When Is the Best Time to Drink Black Tea?


Best Time to Drink Black Tea
Drinking tea has been something that people have been doing for centuries. And although there may not have been much variety in the tea selections back in the 3rd century, for example, today things are rather different.

In fact, the earliest records of tea drinking were found in medical texts in China, where tea was used for recreational purposes.

And today all of us are well aware that drinking the right type of tea at the right time can help with many different ailments and conditions. It can help you sleep better, it can keep you wide awake and alert, it can reduce pain, and it can even help you study better.

And this is where black tea enters the ring. It is being one of the most popular types of tea dominating the rest. More than 80% of the people that regularly drink tea go for black tea. And with so many people drinking it comes the following question.

When is the best time to drink black tea? The caffeine in black tea can cause sleep disturbance. The best time to drink black tea is in the morning and afternoon in order to get a good energy boost. Drink black tea in-between meals because it may cause stomach upset on an empty stomach.

Of course, there is a lot more to black tea than meets the eye as it may provide us with a whole bunch of other beneficial properties.

Read on as we will explore the best times you may want to have a nice and warm cup of black tea right beside you. Not just time-wise but health-wise as well.

The Best Time of the Day to Drink Black Tea

As long as you drink your black tea in moderation, you can do so without having to worry about any side effects. Black tea is not harmful since it is just an ordinary tea.

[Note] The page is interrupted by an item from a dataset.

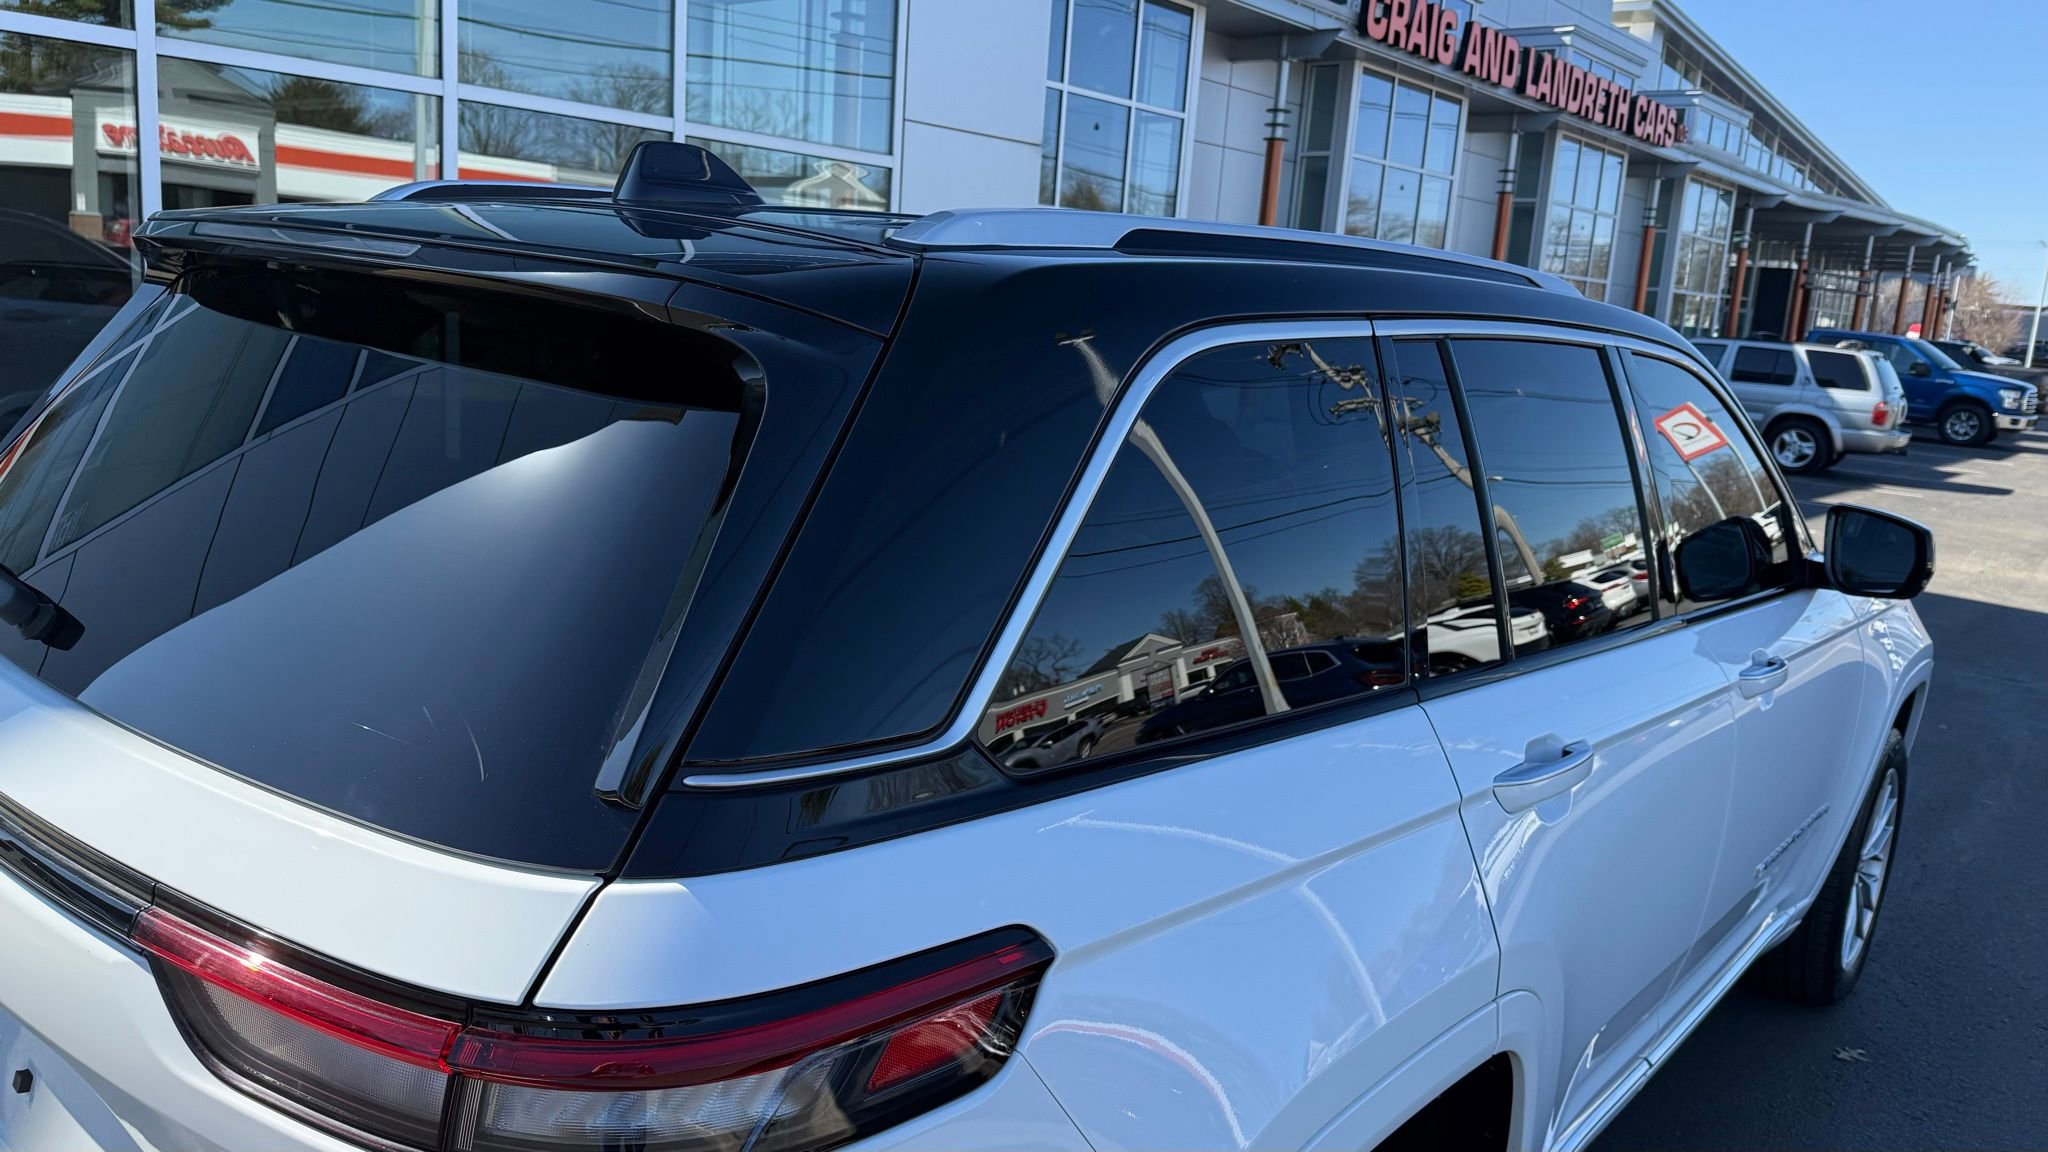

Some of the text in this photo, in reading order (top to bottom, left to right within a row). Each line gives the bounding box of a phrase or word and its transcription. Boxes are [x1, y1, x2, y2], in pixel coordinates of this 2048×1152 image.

However, there are some caveats and exceptions to that.

A few things may lead to black tea, causing you some unwanted side effects. And we will go into more detail now as we explore what happens when we drink black tea during the different times of the day.

Can You Drink Black Tea in the Morning?

The best time of the day to drink black tea is in the morning.

We are well aware of the energy and concentration boosting effects black tea has.

And unsurprisingly this is why most of us will have a cup of black tea early in the morning to help us start our day on the right foot.

Black tea has a high amount of a compound known as catechins. This is a good thing – as catechins are a natural phenol and antioxidant –, but it can also be a bad thing, too. Here’s why.

Drinking a tea that contains high amounts of catechins on an empty stomach may lead to stomach upset, spasms, and it may potentially even damage your liver.

But what this means is that we need to be a bit more conscientious when drinking black tea in the morning.

And don’t get me wrong, black tea is a perfect morning drink.

However, make sure you are not drinking it too early in the morning and not on an empty stomach. Black tea is best consumed around 10 or 11 am in between meals.

And for the early birds out there that like to start their day with a cup of black tea. Have a little snack or a small toast with your tea. It will make a whole world of a big difference.

Can You Drink Black Tea in the Afternoon?

The second best time to drink black tea is in the afternoon.

This is ideal for many of us because black tea also contains caffeine which can really boost our energy levels for the remaining of the day.

However, pay attention to how much black tea you drink a day. Drinking Low to moderate amounts of black tea is usually safe for most healthy adults.

Do not exceed more than four to five cups of black tea per day. Black tea overconsumption may cause a variety of health issues due to high caffeine intake.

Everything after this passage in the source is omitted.